● **RAW DATA**
Segment Open
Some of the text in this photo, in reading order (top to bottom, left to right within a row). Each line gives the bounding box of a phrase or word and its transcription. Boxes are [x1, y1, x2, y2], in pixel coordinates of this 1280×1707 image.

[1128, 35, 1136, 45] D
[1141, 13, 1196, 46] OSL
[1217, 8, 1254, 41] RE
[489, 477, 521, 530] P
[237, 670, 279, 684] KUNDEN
Segment Closed
● **WORK ITEM**
Repeat all the material, keeping each line identical.

● **RESULT FOR THIS EXERCISE**
Some of the text in this photo, in reading order (top to bottom, left to right within a row). Each line gives the bounding box of a phrase or word and its transcription. Boxes are [x1, y1, x2, y2], in pixel coordinates of this 1280×1707 image.

[1128, 35, 1136, 45] D
[1141, 13, 1196, 46] OSL
[1217, 8, 1254, 41] RE
[489, 477, 521, 530] P
[237, 670, 279, 684] KUNDEN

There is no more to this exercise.